Reliée à mes sensations, mes mouvements répondaient à des besoins
d’étirements très précis.

La conscience d’être dans cet espace m’incitait à être précise dans mes
mouvements, et à ne pas lâcher la sensation : dans ces mouvements dénués
de techniques et de virtuosité, l’à-peu-près devient vite complètement
ennuyeux, pour soi et pour les autres.

La musique et les images mentales qui me traversaient m’amenaient des
rythmes, des propositions, qui amenaient des possibles dans les
mouvements. Reliée à mes sensations, bougeant à partir de là, ces
possibles pouvaient m’enrichir, rendre plus fine et légère mon
attention, m’amuser, me surprendre…

« Tout est extérieur » ; j’avais croisé cette phrase étrange il y a
quelques années…

Le silence dans lequel nous étions – et dans lequel nous avons prolongé
la soirée par la suite – fut une expérience très riche ; je voyais tous
les mécanismes qui m’incitaient à parler : me relier aux autres, occuper
l’espace sonore, rompre un malaise, dire ce qui me passe par la tête,
amener une musicalité, suivre une impulsion nerveuse…

Me contraindre à arrêter les mots avant qu’ils ne sortent m’a amené à
voir que tout passe, et tout se résout autrement, si les mots ne sont
pas là… par des chemins souvent méconnus, ne demandant qu’à être
empruntés. Pour changer un peu…

Une autre richesse de cet atelier – et soirée – fut de voir à l’œuvre
dans toute sa splendeur ce que j’ai analysé comme étant de la
pré-expressivité : l’une de nous, E., bien peu encline au langage
naturellement, est par contre apparemment très douée pour se mettre
exactement dans la même position que les autres.
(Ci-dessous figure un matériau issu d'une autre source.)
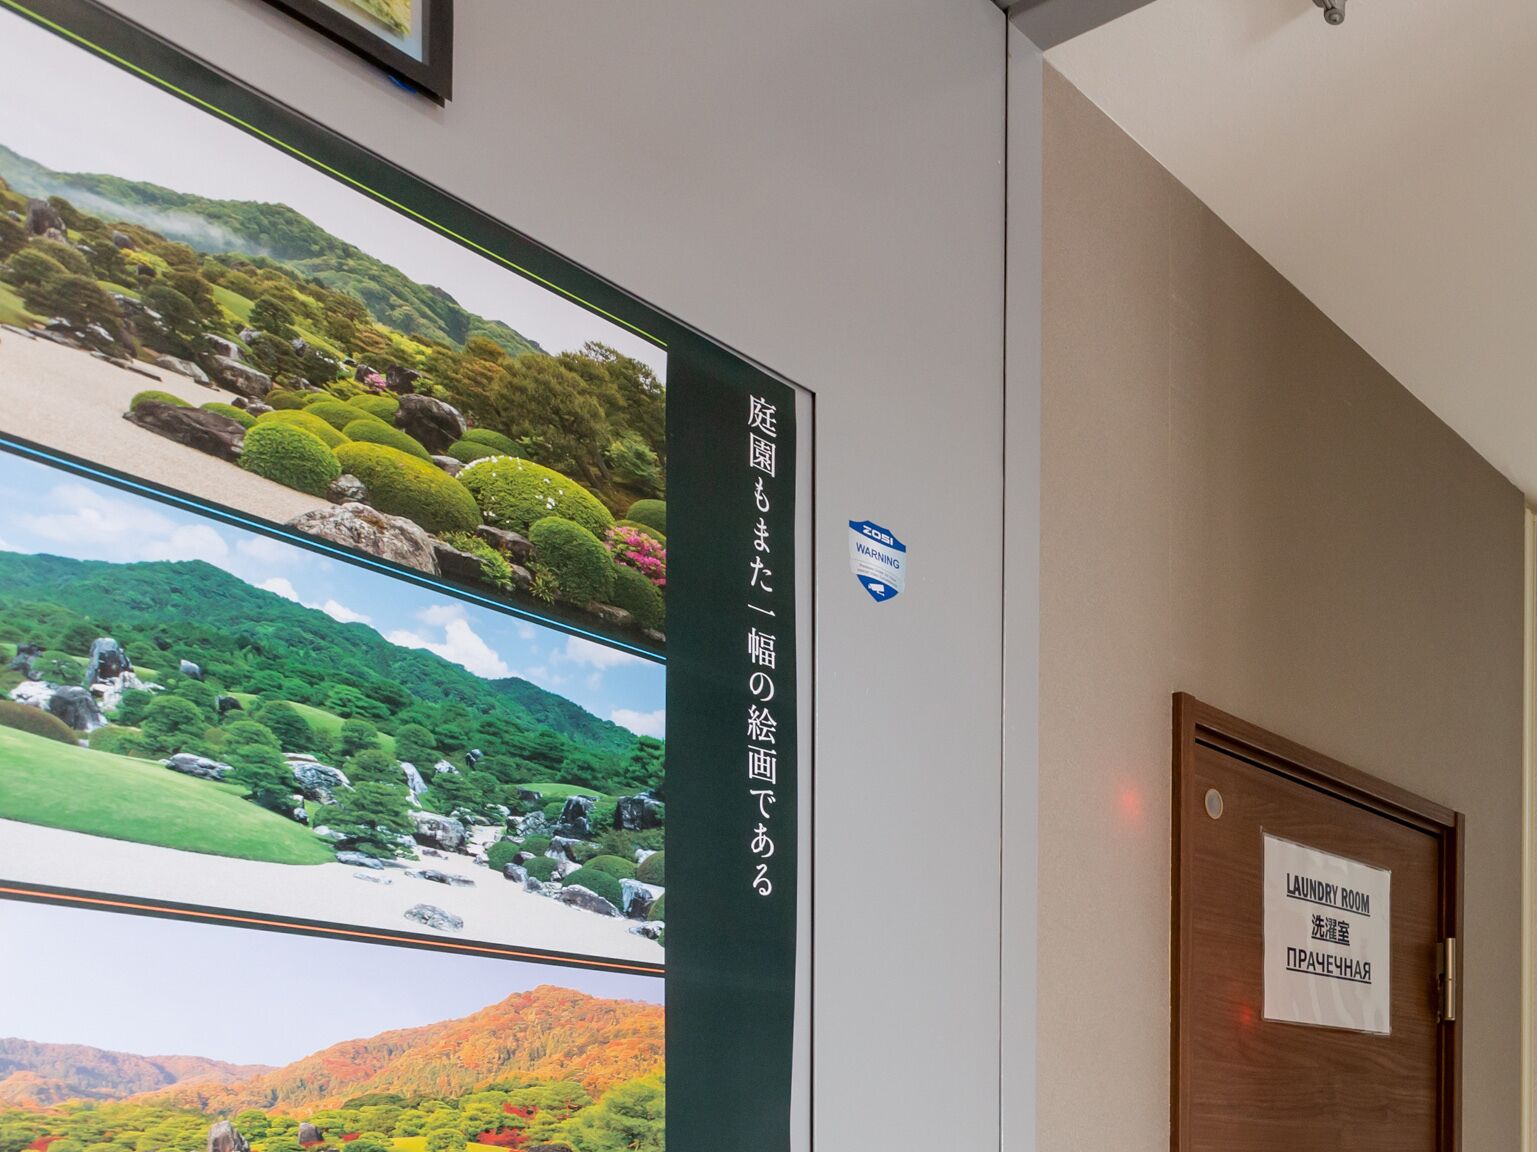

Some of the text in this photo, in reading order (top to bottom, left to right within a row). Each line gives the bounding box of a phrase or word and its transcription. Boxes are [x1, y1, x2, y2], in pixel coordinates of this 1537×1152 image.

C’est vraiment étrange,
bizarre, déroutant de se sentir ainsi imitée à la perfection ! Non pas
que l’image soit ressemblante comme une photo, mais j’ai eu la sensation
à plusieurs reprises d’être très fidèlement imitée dans mon attitude
intérieure.

J’ai donc imaginé que E. se mettait dans les mêmes positions que moi
pour entrer dans les mêmes sensations que moi à ce moment-là… quelle
qu’en soit la raison.

Je ne sais pas si mon analyse est exacte, mais quoi qu’il en soit, j’ai
trouvé cela d’une grande richesse, jusque dans le malaise que cela
faisait naître parfois en moi.

Pour cela, et pour l’inconnu qu’elle amène, j’espère que E. reviendra à
l’atelier DF.

Nadine Gardères,

d’après les retours de : Andréine B, Agnès M, Emilie M, Nadine G.